Taking p2’s mirroring and file distribution capabilities to the next level…
“Taking it to the next level” is a phrase we often used amongst the Extreme Blue teams and staff at the IBM Ottawa Software Lab in 2007 and I think it is quite fitting for this post. Whenever we didn’t know what to do next, we’d just ask ourselves, “how do we take [our project] to the next level?”. Thanks, Marcellus!
Back in 2006, Philippe and I had a dream of using BitTorrent to distribute plug-ins and updates for Eclipse and I participated in the Google Summer of Code program in 2006 in an attempt to realize that. The keyword here is “attempt”, because, needless to say, since this post isn’t entitled “Taking the Update Manager’s mirroring and file distribution capabilities to the next level…”, I didn’t get that far. But last night, I rolled up my sleeves and began to hard code values all over the place in an attempt to write my own implementations of the IArtifactRepository and IMetadataRepository interfaces and concrete subclasses of ArtifactRepositoryFactory and MetadataRepositoryFactory.
That did not go well. Quite simply, there were just too many methods to implement and I just gave up after it decided to call my metadata repository’s query method.
What I ended up doing was I subclassed p2’s implementations of these interfaces and abstract classes for handling update sites. By doing this, p2’s user interface would render things properly in its tree and actually allow me to click ‘Install’ (instead of throwing thousands of RuntimeExceptions when I was trying it the other way). Then I simply just overrode getArtifacts to retrieve the artifacts via BitTorrent.
What you see above is my Azureus instance seeding and sharing some plug-in jars of Subclipse and my BitTorrent protocol implementation at work downloading away in the ‘Progress’ view. Of course, the files didn’t actually even go to the right place (I had to hard code that too), but hey, I really just wanted to familiarize myself with p2’s (non-existent) APIs and I think that hacking something like this up together in a couple of hours has certainly helped me out on that front. :)
And before you ask, while the implementation of the BitTorrent protocol is in ECF’s CVS repository, this hack is not publicly accessible and will likely remain that way for a while.
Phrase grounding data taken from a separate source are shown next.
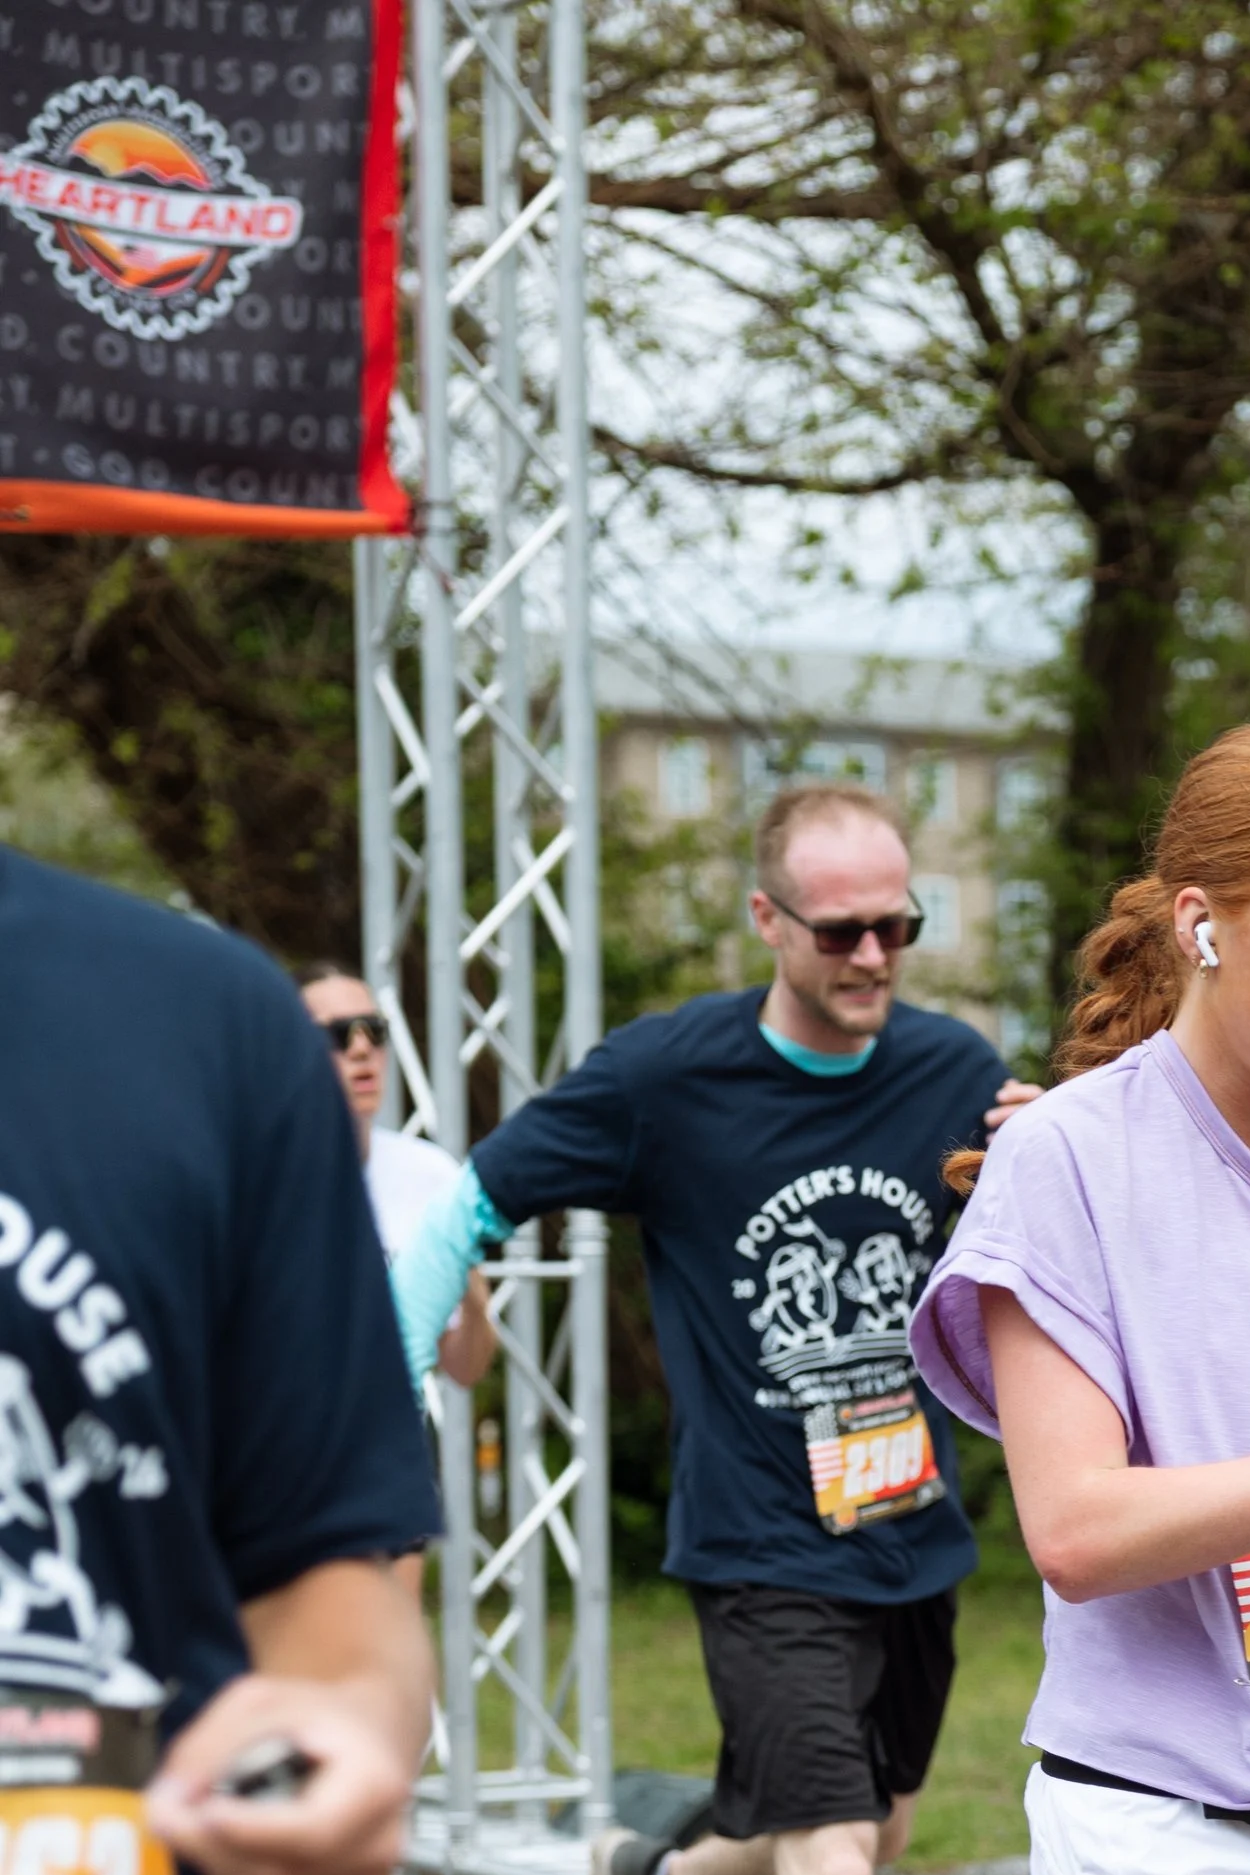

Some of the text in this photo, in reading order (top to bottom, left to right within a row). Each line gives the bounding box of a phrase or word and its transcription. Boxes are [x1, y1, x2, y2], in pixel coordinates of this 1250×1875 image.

[52, 0, 305, 40] UNTRY.
[0, 162, 293, 240] HEARTLAND
[56, 382, 366, 450] MULTISPOR
[735, 1165, 855, 1261] POTTER'S
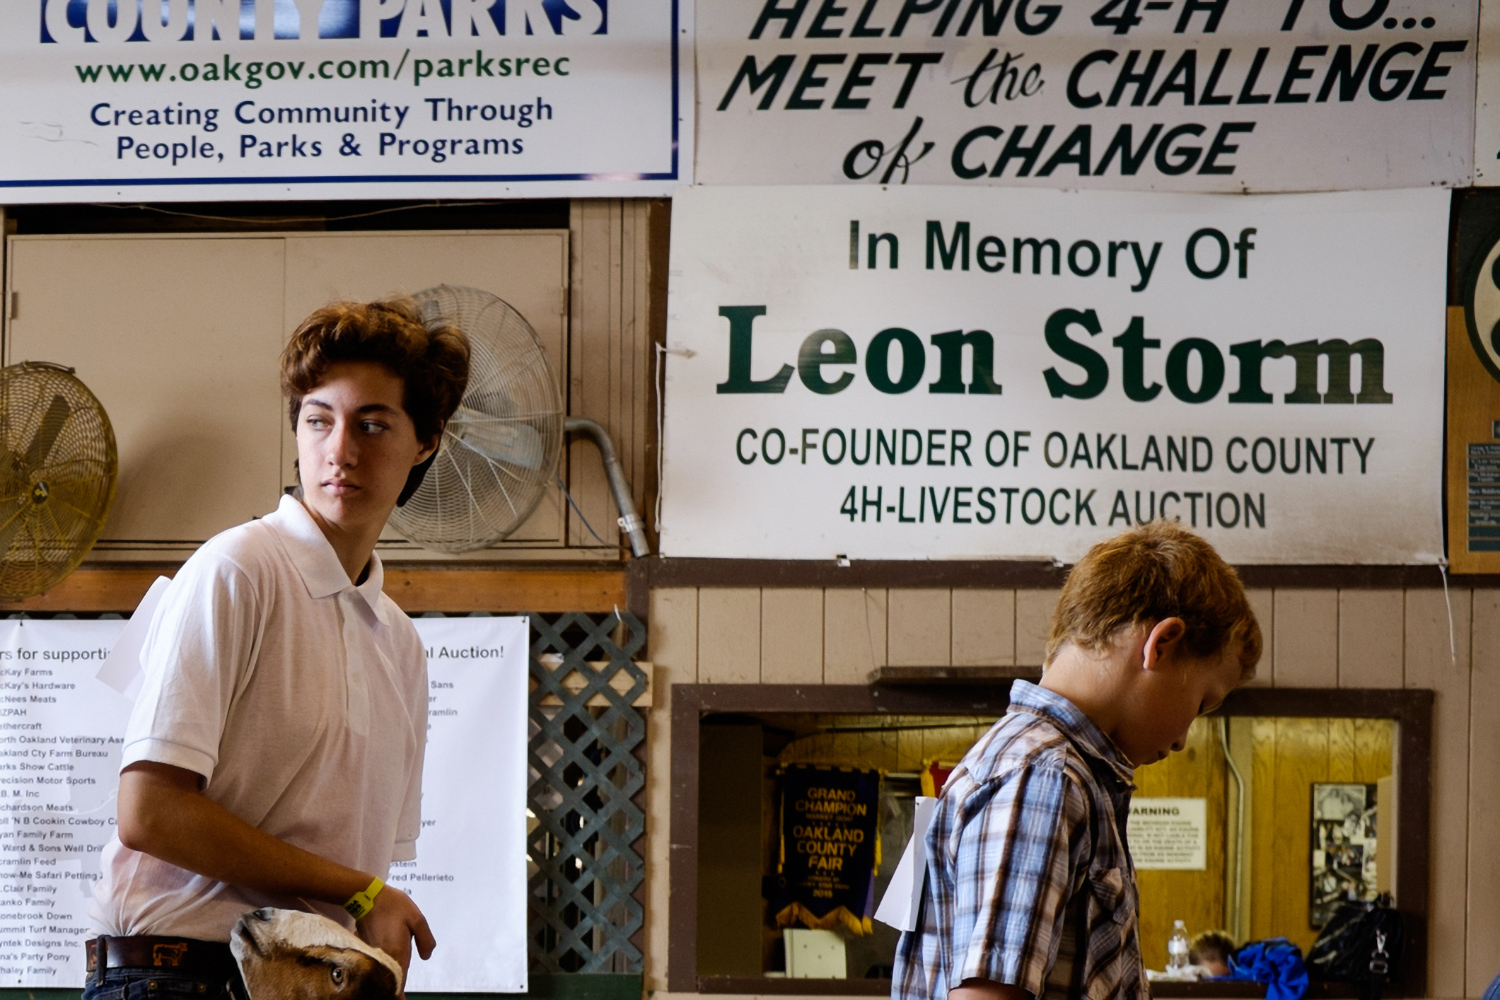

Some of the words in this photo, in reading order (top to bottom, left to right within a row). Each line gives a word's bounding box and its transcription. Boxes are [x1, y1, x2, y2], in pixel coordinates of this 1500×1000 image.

[747, 0, 1076, 40] HELPING
[75, 49, 571, 88] www.oakgov.com/parksrec
[716, 52, 944, 111] MEET
[950, 48, 1046, 108] the
[1066, 40, 1469, 109] CHALLENGE
[89, 101, 220, 132] Creating
[233, 99, 411, 130] Community
[423, 97, 555, 126] Through
[116, 135, 226, 166] People,
[238, 132, 323, 158] Parks
[339, 134, 363, 158] &
[378, 131, 525, 163] Programs
[841, 116, 935, 185] of
[951, 121, 1258, 179] CHANGE
[849, 219, 901, 270] In
[925, 220, 1163, 292] Memory
[1184, 226, 1258, 280] Of
[716, 304, 1003, 396] Leon
[1042, 307, 1394, 404] Storm
[736, 428, 972, 468] CO-FOUNDER
[984, 430, 1031, 469] OF
[1043, 433, 1215, 473] OAKLAND
[1225, 437, 1375, 475] COUNTY
[840, 485, 1097, 527] 4H-LIVESTOCK
[1108, 490, 1268, 530] AUCTION
[17, 648, 38, 660] for
[43, 648, 110, 663] supporti
[439, 646, 504, 659] Auction!
[66, 777, 96, 786] Sports
[807, 787, 856, 801] GRAND
[795, 800, 867, 816] CHAMPION
[1129, 807, 1180, 816] ARNING
[17, 831, 47, 840] Family
[793, 825, 864, 843] OAKLAND
[797, 841, 857, 856] COUNTY
[808, 855, 843, 871] FAIR
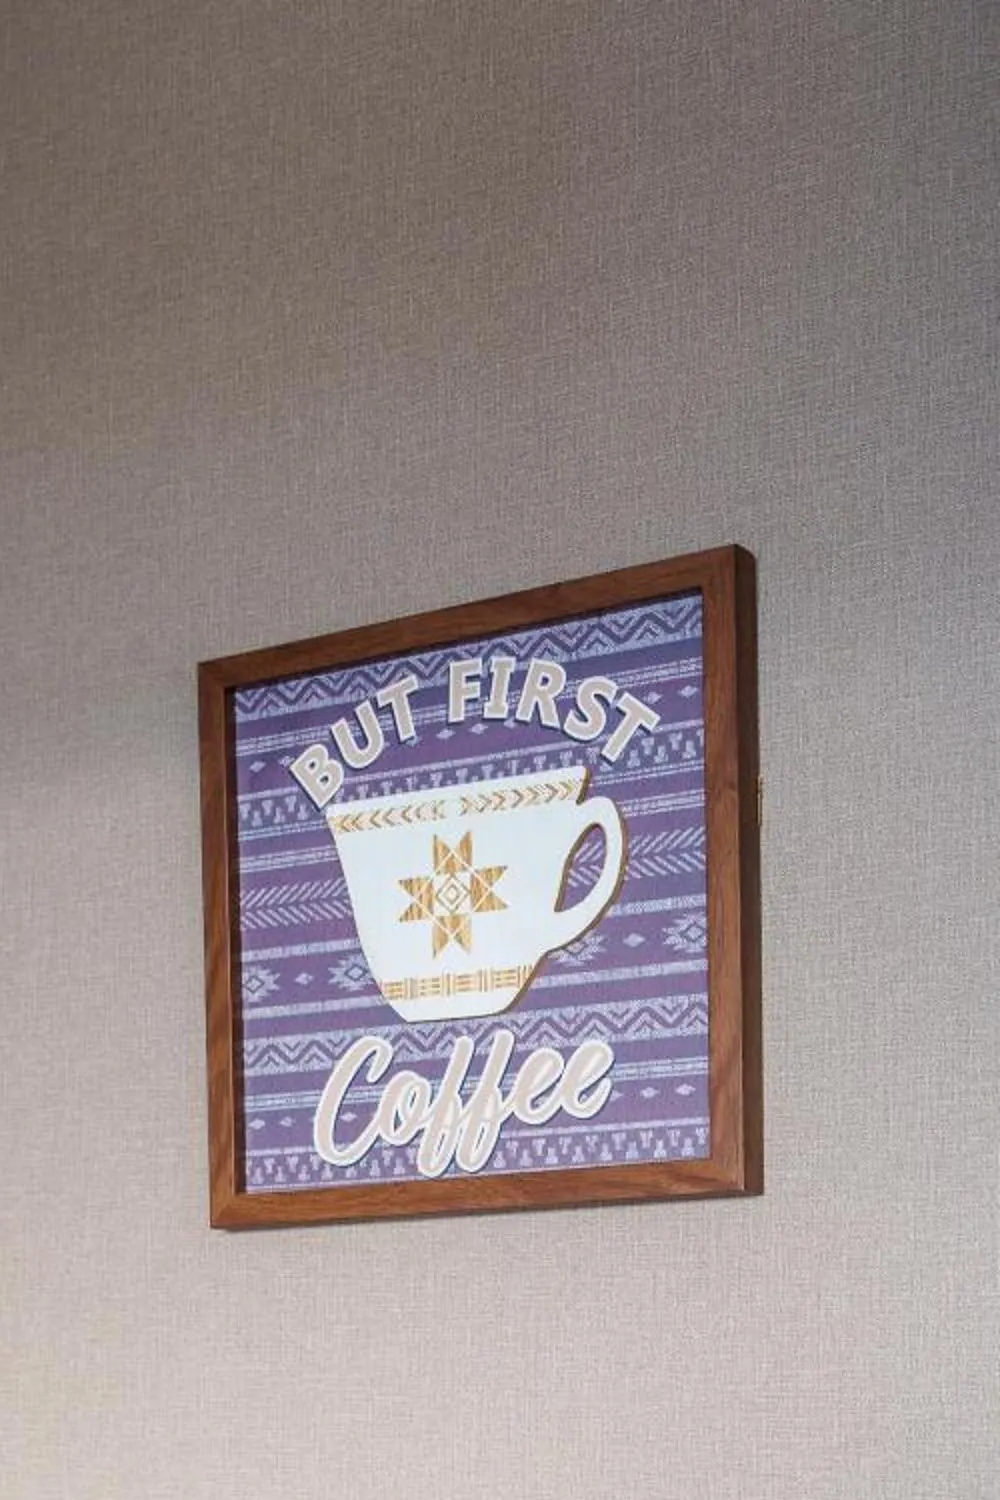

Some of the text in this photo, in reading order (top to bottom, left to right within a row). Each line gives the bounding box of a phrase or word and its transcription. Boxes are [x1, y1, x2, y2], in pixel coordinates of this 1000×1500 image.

[289, 655, 661, 810] BUT FIRST
[313, 1028, 616, 1178] Coffee
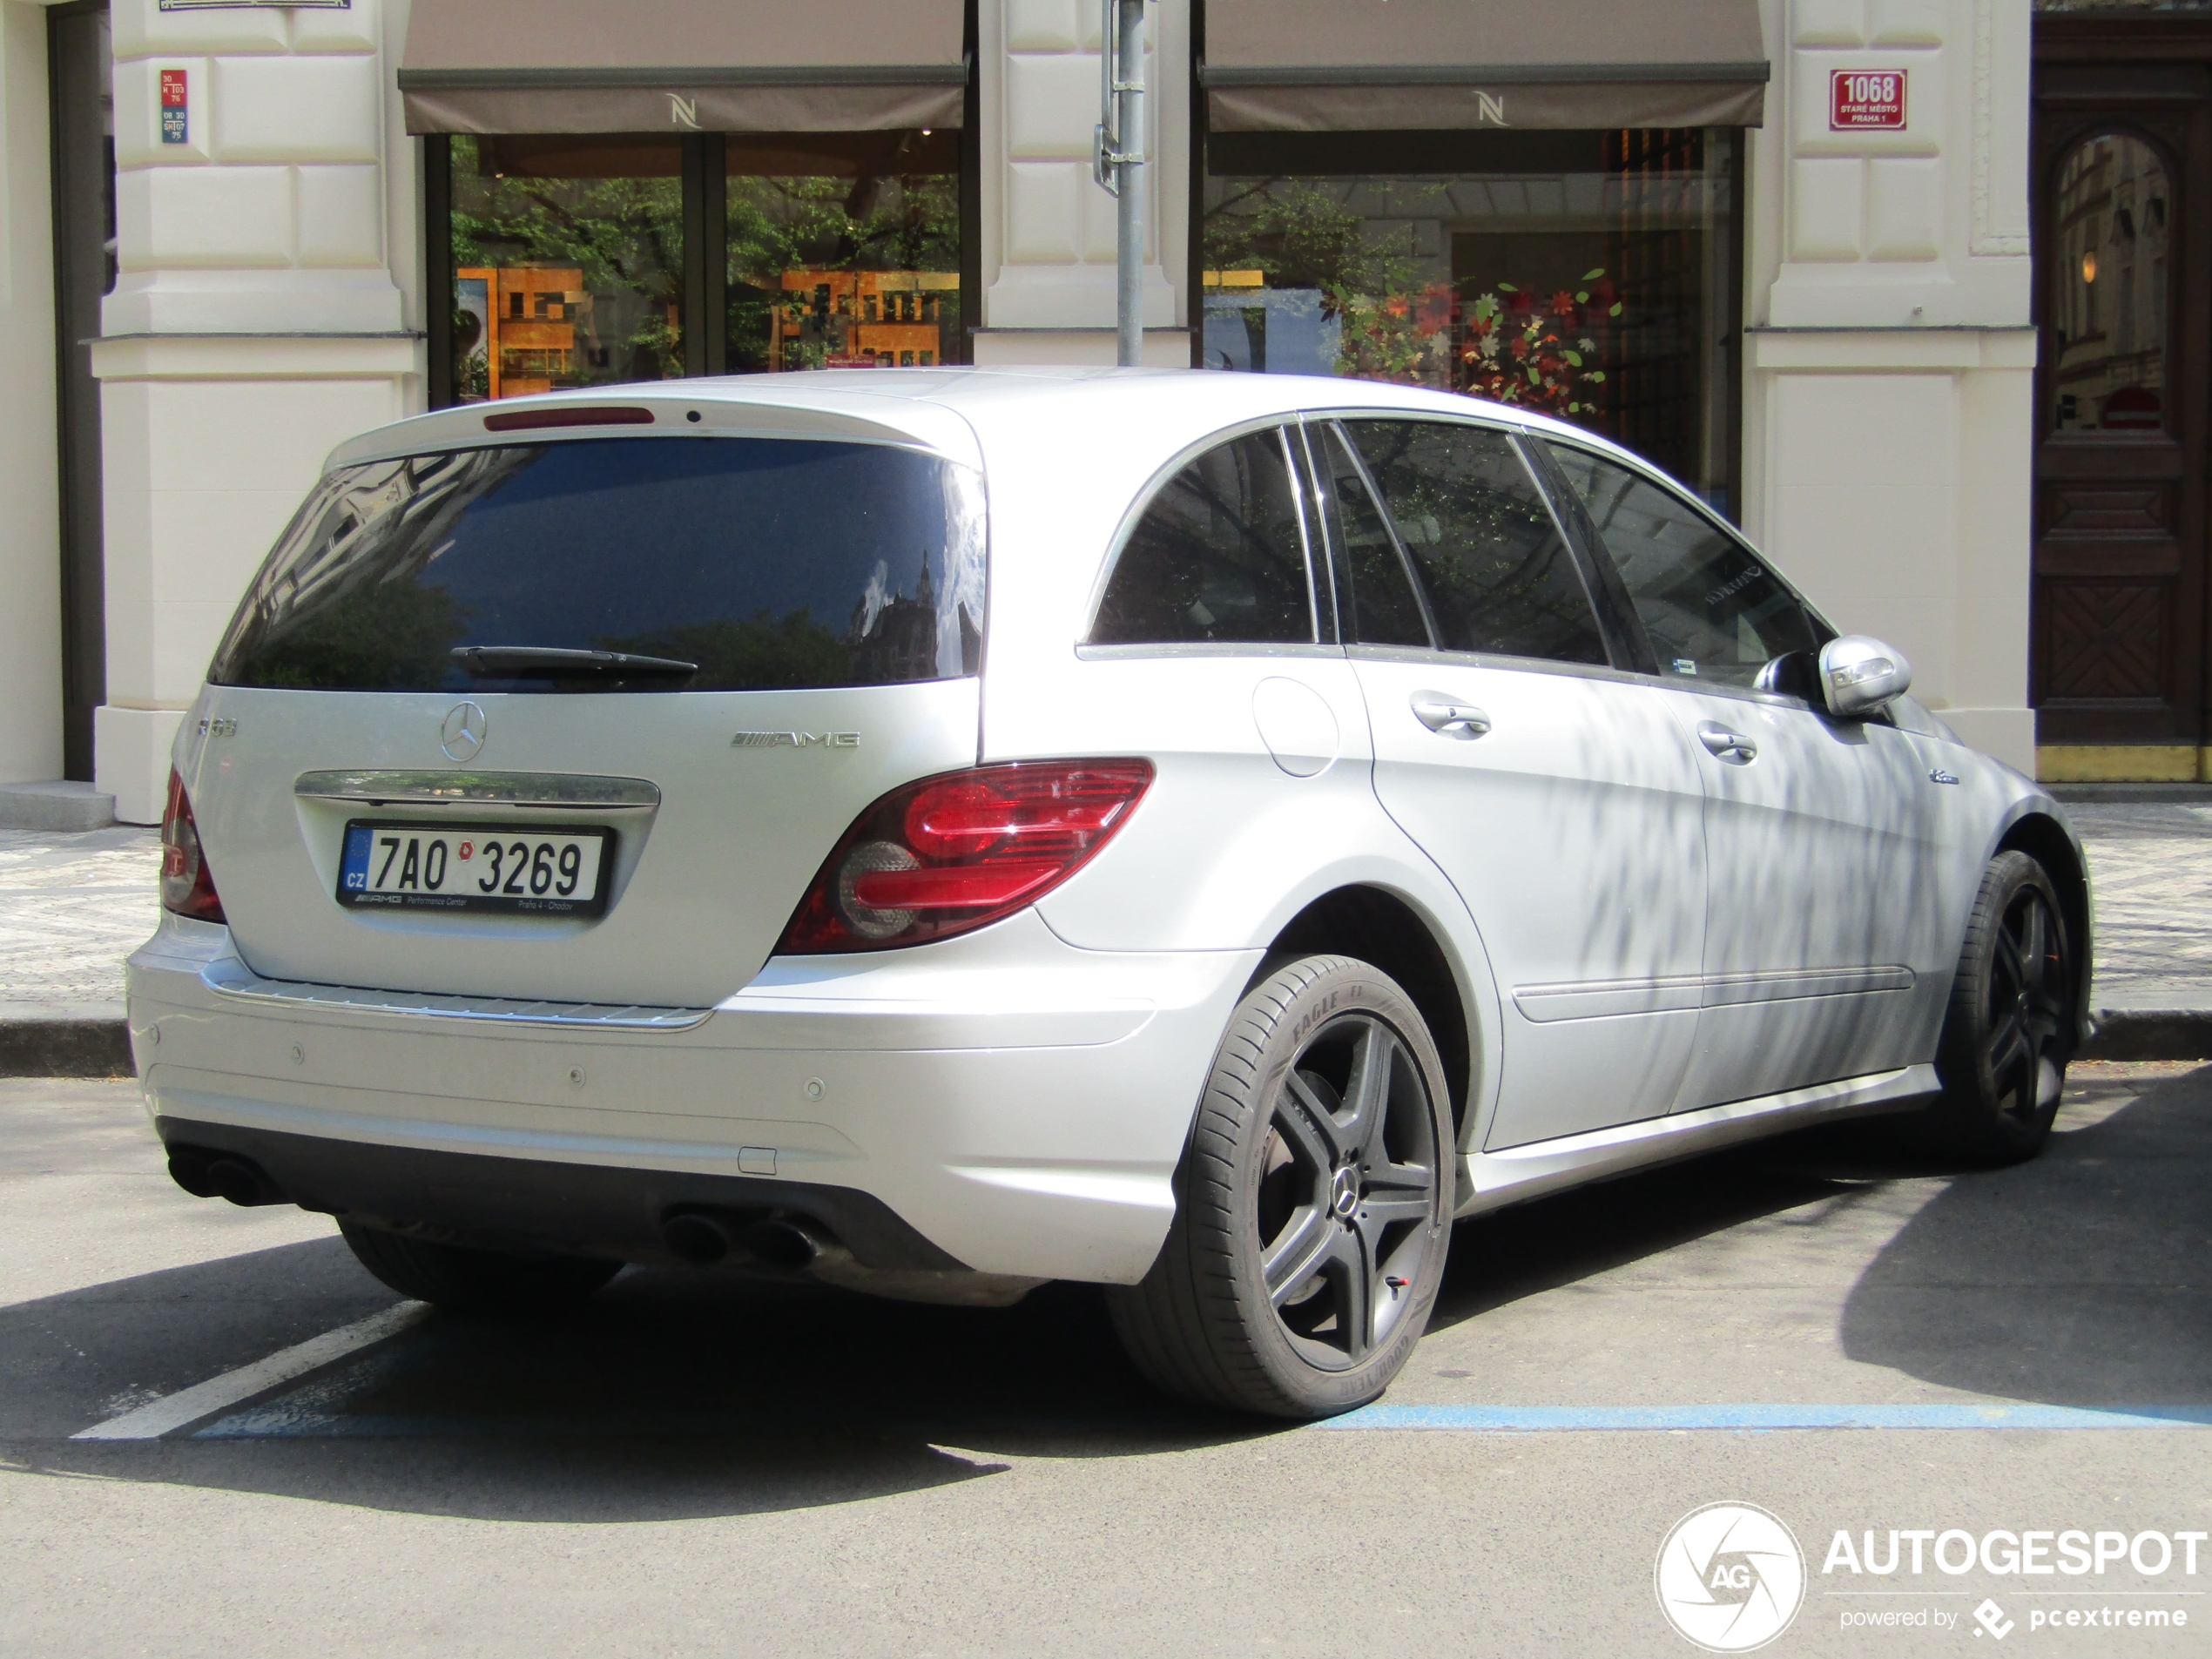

More to come later if this hack ever stops being just a hack.
November 4th, 2008 at 10:43 pm
Cool, although what would really take p2 to the “next level” (other than better tooling for RCP developers) is the ability to push out partial updates (e.g. some server-side to calculate and send binary diffs and a client to merge the diffs into the local files.
November 7th, 2008 at 1:26 am
Robert: Did you file an enhancement request to p2 about that?